Tal vez sí, tal vez no
Quizás la escultural María Cay, estremecía el erotismo de Julián del Casal cuando estaba a su lado, o, tal vez, en aquellas habituales reuniones, donde animados conversaban de diferentes tópicos, el ímpetu amoroso nunca asomó. Eran buenos amigos y había entre ellos mutua admiración. María Cay fue un episodio especial en la vida del poeta. El bálsamo que necesitaba este hombre de acentuada pesadumbre. Se presume que le inspirara el poema Estatua de carne, aparecido en el libro Hojas al viento, sin que él lo admitiera.
Sí le dedicó en 1891 Pastel japonés, que luego nombraría Kakemono. Con el título de Álbum femenino: Srta. María Cay, luego cambiado por el de Camafeo, El Fígaro publicó del bardo un poema, cuya última estrofa es muy elocuente:
Mas no te amo. Tú hermosura encierra
tan sólo para mí focos de hastío…
¿Podrá haber en los lindes de la tierra
un corazón tan muerto como el mío?
La ingeniosa María, al leer el poema, le dijo al poeta: “No esperaba que Ud. me regalara tan linda calabaza”.
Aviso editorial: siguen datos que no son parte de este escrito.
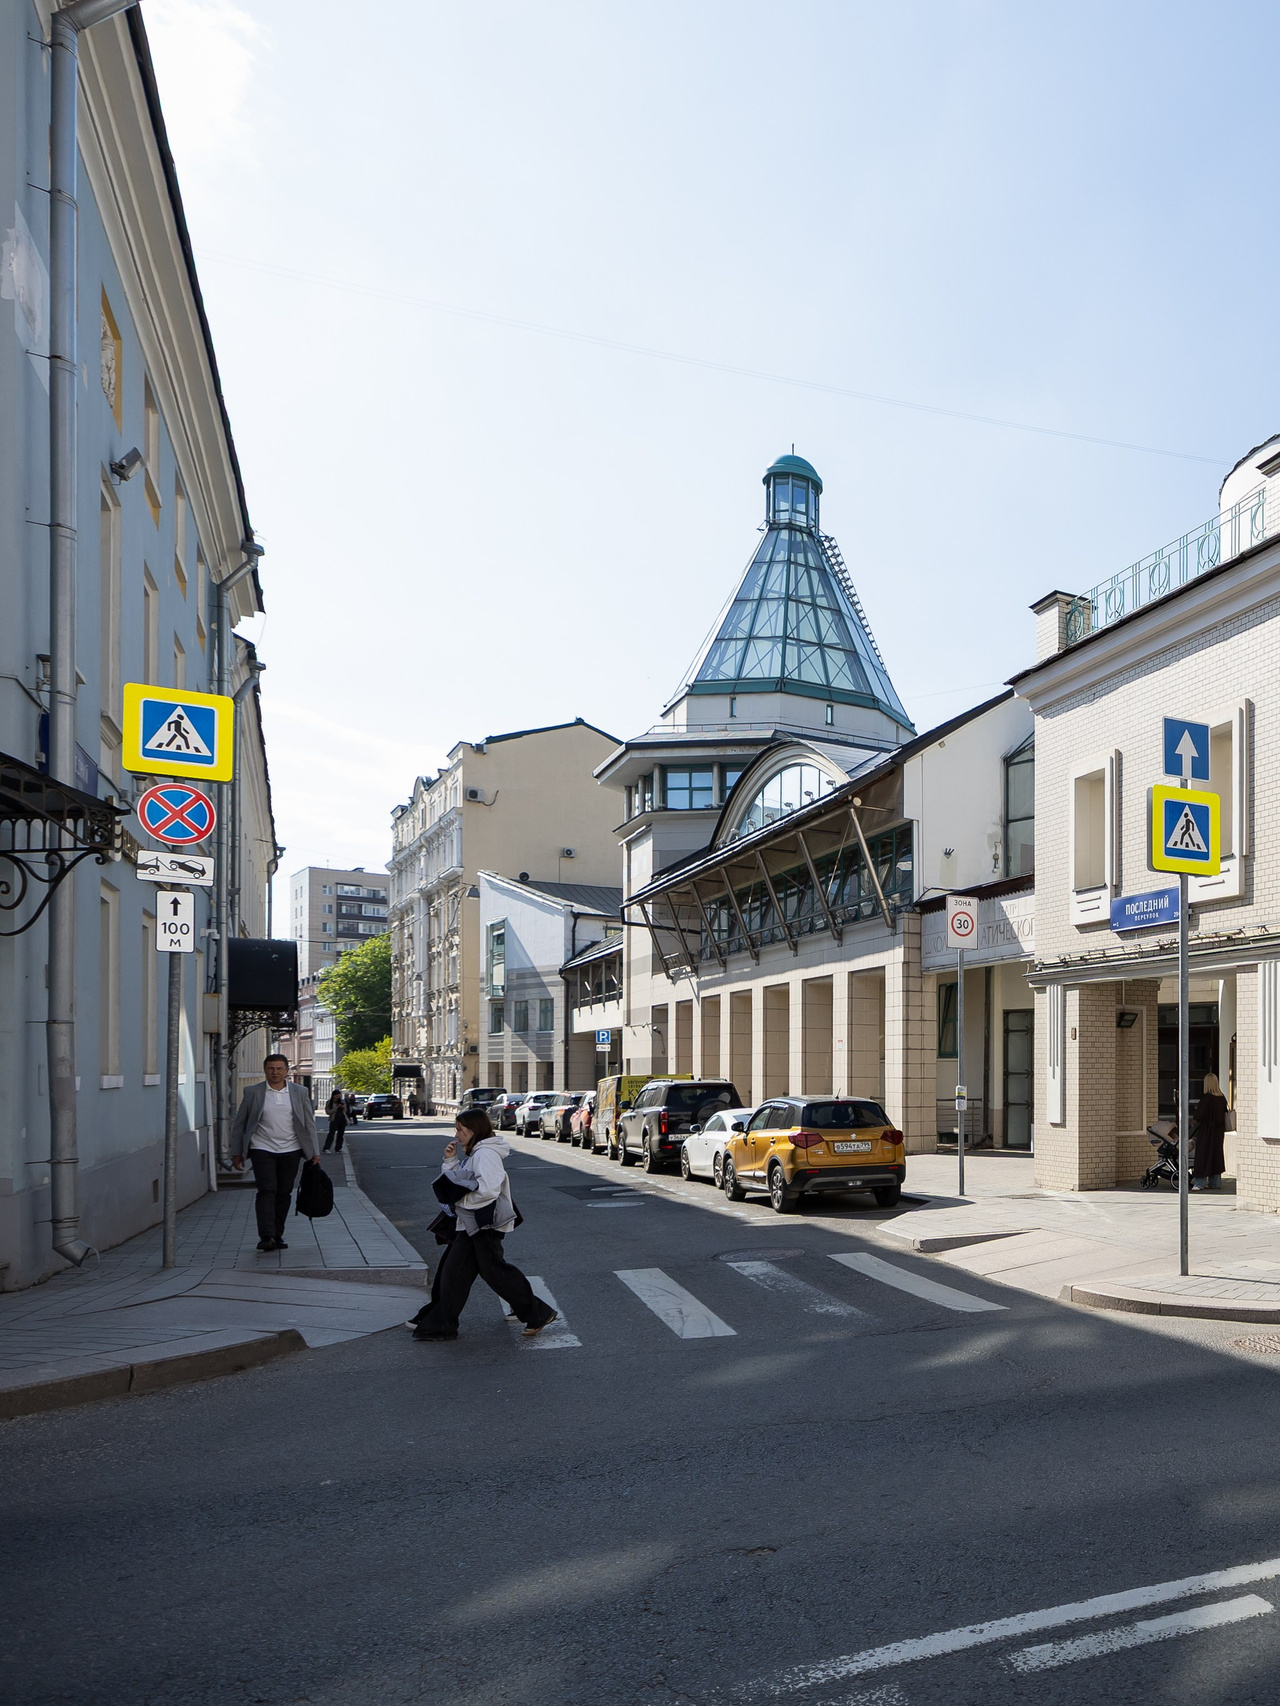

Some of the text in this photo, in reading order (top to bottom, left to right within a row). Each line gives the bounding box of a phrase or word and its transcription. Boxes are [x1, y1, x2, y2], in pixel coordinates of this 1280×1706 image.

[1125, 895, 1169, 916] ПОСЛЕДНИЙ
[1134, 912, 1159, 921] ПЕРЕУЛОК
[161, 922, 190, 935] 100
[956, 919, 969, 930] 30
[980, 917, 1035, 945] АТИЧЕСКОГ
[169, 938, 182, 948] М
[599, 1031, 608, 1042] P
María es otra incógnita en la historia amatoria del controvertido autor de Bustos y Rimas. Según datos, se llamó María Luisa Rosa Cay Deville y nació en Matanzas el 3 de febrero de 1862. Su padre, Ricardo James Cay fue un notable diplomático y la madre, Matilde Deville, aficionada al canto, era hermana de Úrsula Deville, reconocida soprano.
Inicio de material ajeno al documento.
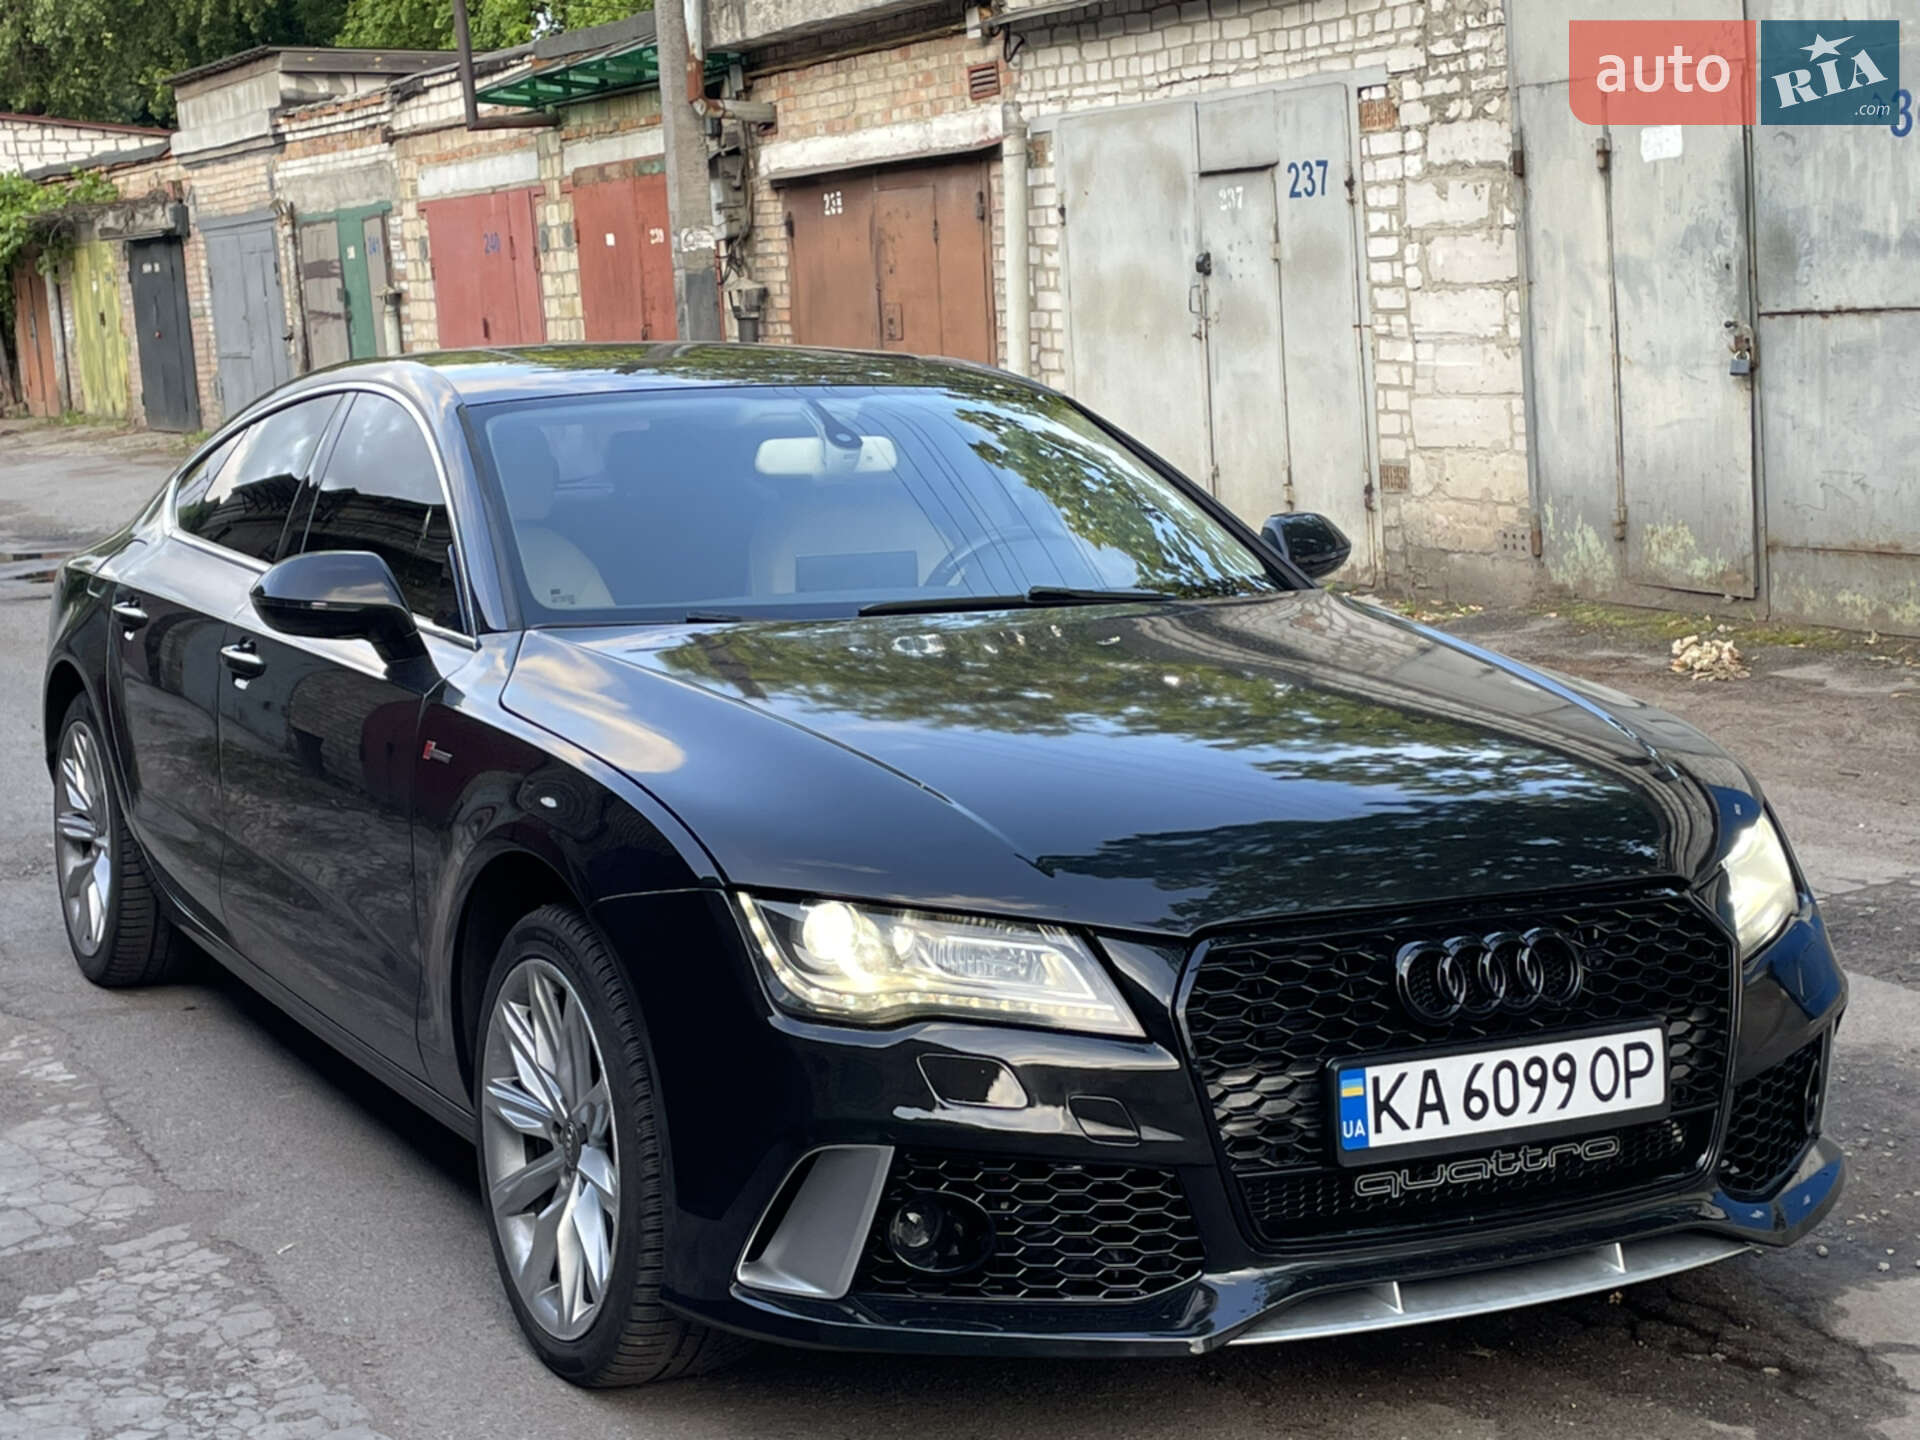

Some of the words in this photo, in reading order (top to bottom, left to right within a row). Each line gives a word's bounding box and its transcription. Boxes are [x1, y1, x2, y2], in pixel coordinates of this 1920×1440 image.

[1287, 159, 1329, 199] 237
[1371, 1067, 1450, 1135] KA
[1462, 1051, 1577, 1122] 6099
[1589, 1041, 1654, 1103] OP
[1343, 1119, 1366, 1138] UA
[1354, 1135, 1621, 1199] quattro
Dueña de hermosa voz, María Cay la cultivó con su tía Úrsula de la que recibió clases. La joven integró el elenco del Nuevo Liceo habanero y fue aplaudida en óperas como La Sonámbula, presentada con éxito en el Teatro Albisu en 1883.
Raoul, el hermano de María, trabajó como cronista en El Fígaro, donde trabó sincera amistad con Julián del Casal y éste muy pronto con María Cay, seductora belleza y de gran sensibilidad artística.
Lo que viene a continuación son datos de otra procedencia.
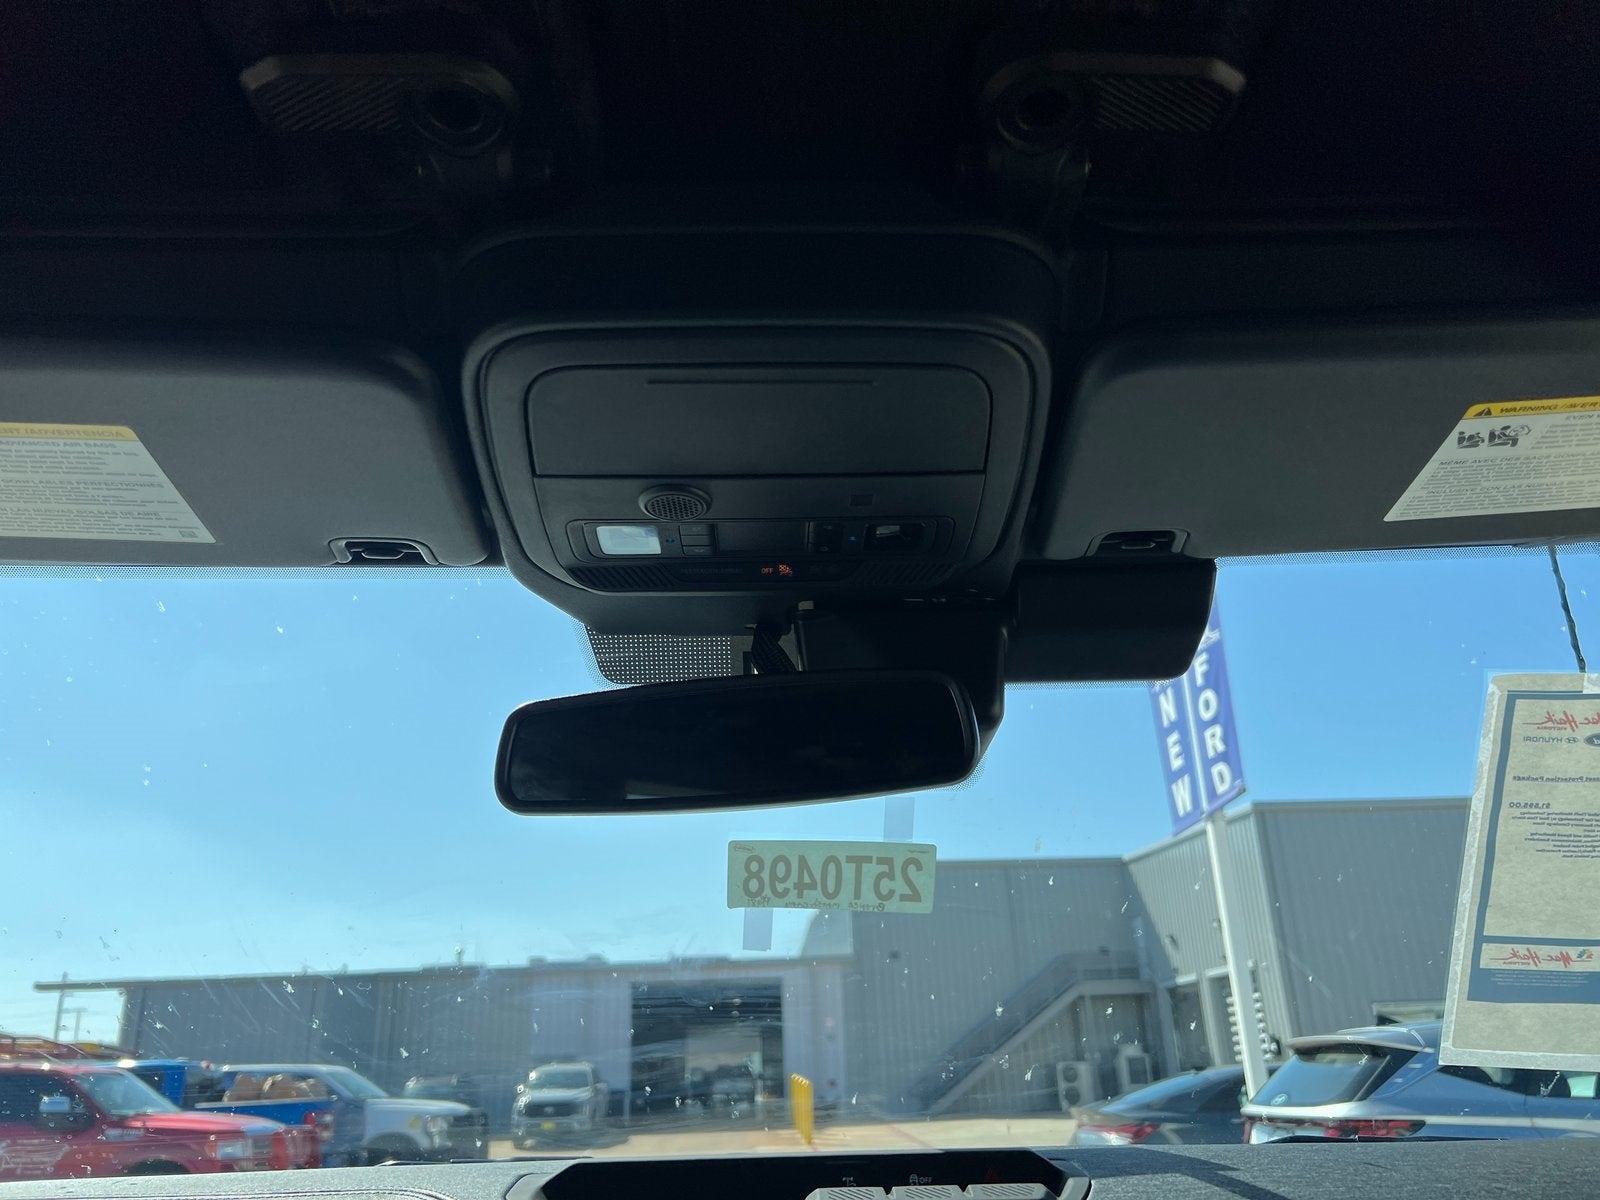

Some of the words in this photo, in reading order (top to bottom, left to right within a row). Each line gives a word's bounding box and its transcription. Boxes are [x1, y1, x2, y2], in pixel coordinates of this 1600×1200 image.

[1499, 404, 1558, 413] WARNING
[1159, 685, 1193, 818] NEW
[1194, 653, 1233, 796] FORD
[919, 1176, 933, 1184] OFF
En su estancia habanera, Rubén Darío en compañía de Casal visitó la casa de Raoul Cay, quien le presentó al “señor Cay, padre, antiguo canciller del consulado imperial de la China en la capital de la Isla” y a su hermana, una cubana que el nicaragüense definió de “gallarda, espléndida, con lánguidos y milagrosos ojos de criolla y fabulosa cabellera”. En esa ocasión también conoció al novio de la muchacha que no era otro que el general Lachambre con quien finalmente ella se casó.
Contaba en su relato:
“Pasamos Julián del Casal, Raoul y yo a un saloncito contiguo a ver chinerías y japonerías. Primero las distinciones enviadas al señor Cay por el gobierno del gran imperio: los parasoles, los trajes de seda bordados de dragones de oro, los ricos abanicos, las lacas, los kakemonos y surimonos en las paredes, los pequeños netskes del Japón, las armas, los variados marfiles. Casal (…) gozaba con toda aquella instalación de preciosidades orientales; se envolvía en los mantos de seda, se hacía con las raras telas turbantes inverosímiles... Y recordaba yo cómo Julián del Casal había cantado en admirables versos a María Cay-versos que pueden leerse en su volumen Nieve -¿enamorado de ella?... tal vez”.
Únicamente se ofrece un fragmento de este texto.